The next fighters on the card exploded into the pavilion amid fresh fanfare.
Something about the look on the wife’s face stabbed Horace in the belly. “I gotta get some air.”
He pulled up his hood, replaced the sunglasses and mask, and stepped outside. He wanted to punch something. He wanted to apply a Thunder Hammer to the skull of someone who deserved it, like the Regenecorp exec who thought up that promotion. It was a common thing, especially in the minor leagues where most of the fans were too poor to afford medical. The medical costs of that baby’s birth—exempt from the father’s “individual coverage”—would put the family in the poorhouse for decades, unless she gave birth at home in the bathtub.
In a world of twelve billion people, th
e most effective way to control population growth was with carefully restricted medical coverage. The cost of simply going to the doctor was beyond the reach of the labor class unless a person’s employer had a doctor on the payroll, in which case the worker started tallying up debts to the company. Anything more complicated than a runny nose incurred major expenses. The twenty-first century version of the company store. Those without medical paid cash. No cash, no medical. With enough cybernetic, genetic, and regenite intervention, the wealthy could easily live to a hundred and thirty. Horace had only a couple more years to go before he crossed the life-expectancy finish line of the labor class. But the megacorp party line simply crowed about how they had successfully leveled off the world’s population growth. A few well-placed wars in hand-picked locales also helped burn off the rest of the human chaff.

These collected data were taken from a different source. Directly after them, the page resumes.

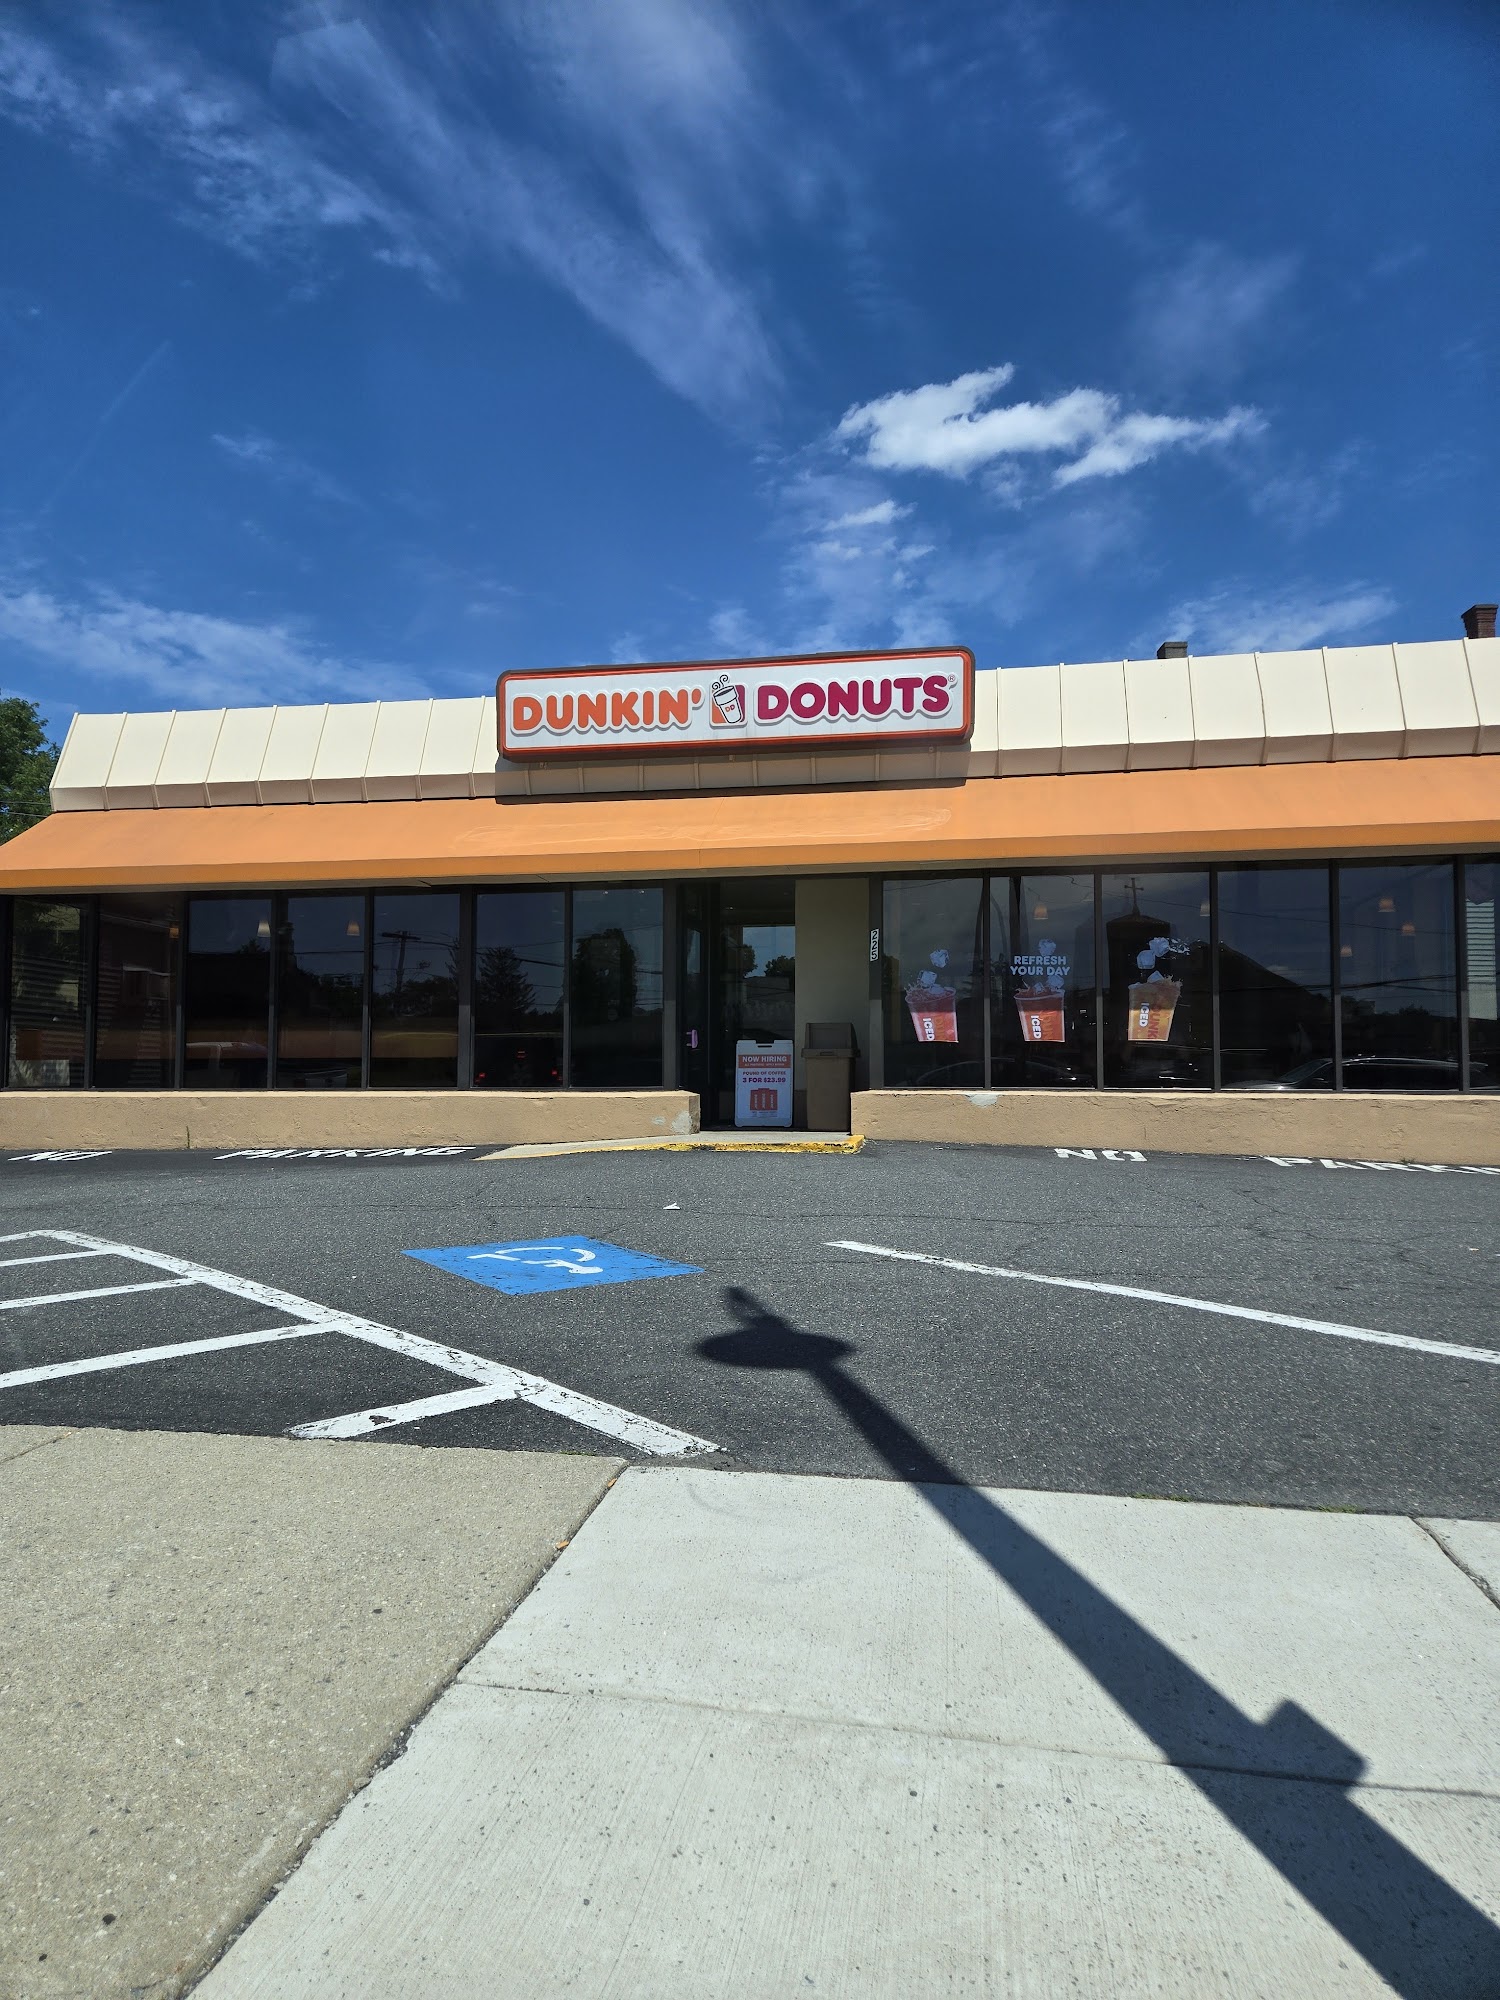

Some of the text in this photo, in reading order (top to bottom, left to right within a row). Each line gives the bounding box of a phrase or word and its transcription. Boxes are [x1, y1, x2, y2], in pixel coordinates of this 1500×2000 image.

[513, 688, 701, 731] DUNKIN'
[725, 704, 735, 712] DD
[757, 675, 949, 720] DONUTS
[1010, 966, 1070, 976] YOUR DAY
[1014, 955, 1066, 965] REFRESH
[1030, 1015, 1042, 1039] ICED
[1140, 1003, 1149, 1027] ICED
[922, 1017, 935, 1041] ICED
[1054, 1148, 1148, 1161] NO

With nowhere for his ire to go, he thrust his fists into his pockets and slid into one of the fighter entrances. The security guard looked him up and down and admitted him with a nod. The next fighters from this stable were too busy warming up, psyching themselves up, to pay him any attention. Horace found a spot inside the pavilion where he could watch the cage through a gap in the bleachers. The atmosphere in the tent pulsed with an energy no 3-D screen could recreate.
Horace had grown up watching mixed martial arts and professional wrestling on television, and it was a kickboxing exhibition in a little arena in Nebraska that had seized the imagination of a small-town boy far too big for his age. The exhibition had been a mix of amateurs from the local gyms and a handful of touring professionals.
In one bout, a fighter had landed the most perfect kick he had ever seen, a snap kick straight to his opponent’s abdomen, right in the liver. The solid, meaty thud had echoed through the arena like a side of beef dropped from three meters. An instant of silence descended. The audience gave a low, awe-stricken Ooooooo. The victim sank to his knees, clutching his belly. The referee jumped in, waving away the next kick that would have been to the man’s face, and it was over. The man fell sideways. The crowd exploded. And little Horace MacElroy was hooked.